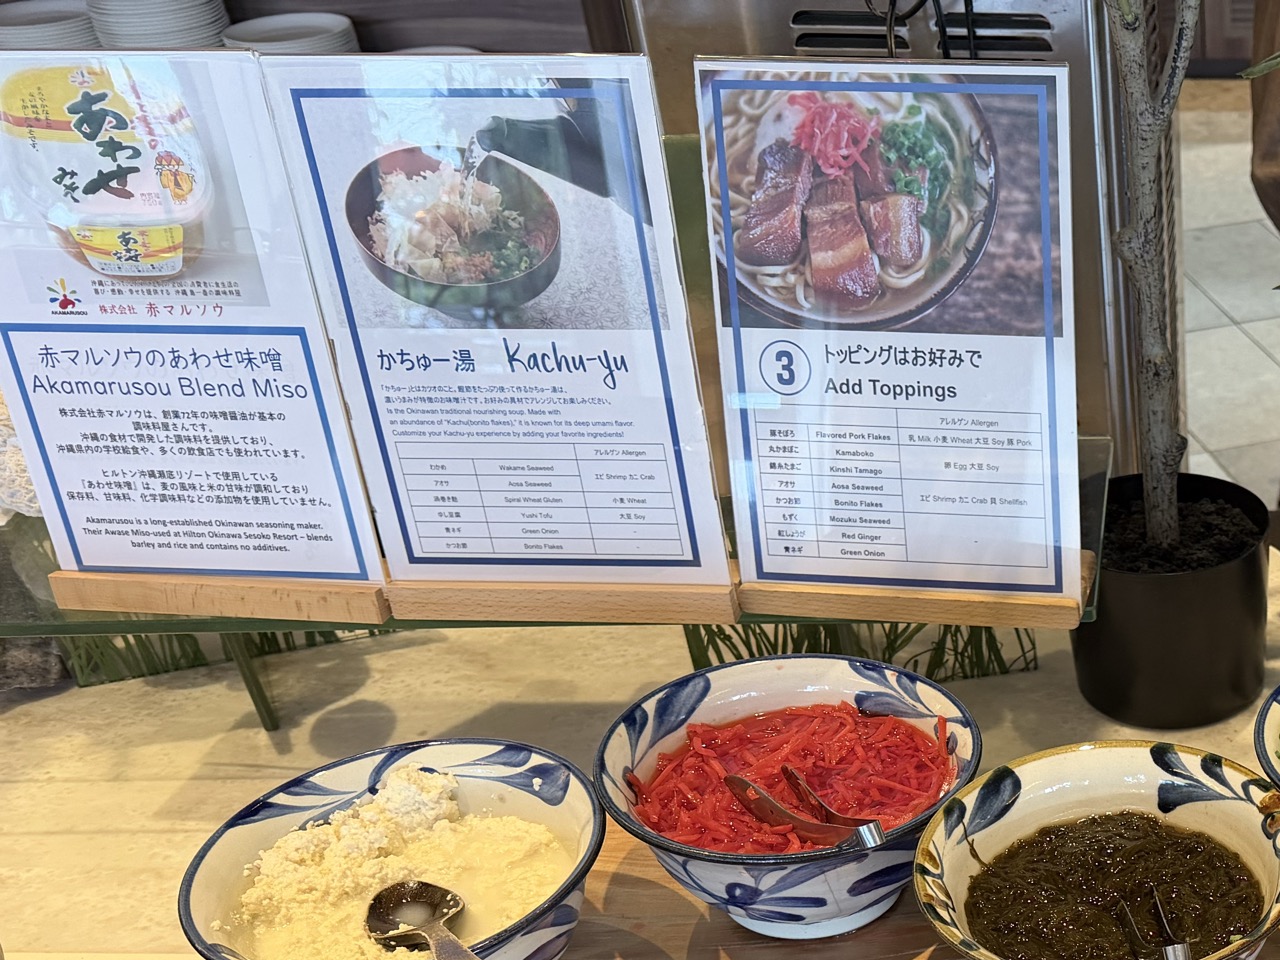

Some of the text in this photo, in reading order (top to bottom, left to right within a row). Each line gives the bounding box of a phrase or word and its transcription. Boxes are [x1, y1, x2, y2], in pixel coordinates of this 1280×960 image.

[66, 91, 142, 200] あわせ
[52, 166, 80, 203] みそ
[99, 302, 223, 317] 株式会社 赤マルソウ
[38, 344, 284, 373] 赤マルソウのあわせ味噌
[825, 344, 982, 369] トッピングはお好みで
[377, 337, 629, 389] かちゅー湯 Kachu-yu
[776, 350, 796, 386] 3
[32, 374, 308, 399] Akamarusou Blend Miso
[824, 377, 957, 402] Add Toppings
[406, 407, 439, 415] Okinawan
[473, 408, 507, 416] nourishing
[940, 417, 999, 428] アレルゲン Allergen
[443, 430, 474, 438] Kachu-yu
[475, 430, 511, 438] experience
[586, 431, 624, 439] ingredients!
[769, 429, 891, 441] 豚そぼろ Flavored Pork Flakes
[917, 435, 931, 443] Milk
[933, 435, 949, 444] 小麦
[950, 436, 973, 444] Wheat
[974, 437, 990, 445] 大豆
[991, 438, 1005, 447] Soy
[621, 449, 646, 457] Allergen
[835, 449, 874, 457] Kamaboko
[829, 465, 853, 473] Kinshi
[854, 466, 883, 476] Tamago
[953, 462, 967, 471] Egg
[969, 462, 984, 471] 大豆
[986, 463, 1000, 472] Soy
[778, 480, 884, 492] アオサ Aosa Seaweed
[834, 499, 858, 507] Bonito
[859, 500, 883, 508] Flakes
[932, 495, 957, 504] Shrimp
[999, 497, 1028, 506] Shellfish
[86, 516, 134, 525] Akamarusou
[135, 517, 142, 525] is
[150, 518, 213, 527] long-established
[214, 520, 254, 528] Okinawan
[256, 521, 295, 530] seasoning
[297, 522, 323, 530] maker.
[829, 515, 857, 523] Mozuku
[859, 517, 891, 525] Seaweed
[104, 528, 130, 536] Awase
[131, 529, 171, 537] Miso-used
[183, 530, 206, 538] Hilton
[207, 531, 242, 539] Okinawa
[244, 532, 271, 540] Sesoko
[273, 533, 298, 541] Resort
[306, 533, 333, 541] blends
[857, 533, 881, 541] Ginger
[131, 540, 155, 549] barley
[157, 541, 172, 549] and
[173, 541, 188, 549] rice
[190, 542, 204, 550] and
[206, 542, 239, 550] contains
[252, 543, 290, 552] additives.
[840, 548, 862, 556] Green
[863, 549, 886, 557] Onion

Work to complete> Could you state how many lines of the entries contain the word "Allergen"? Only the number is wanted.

Your solution> 2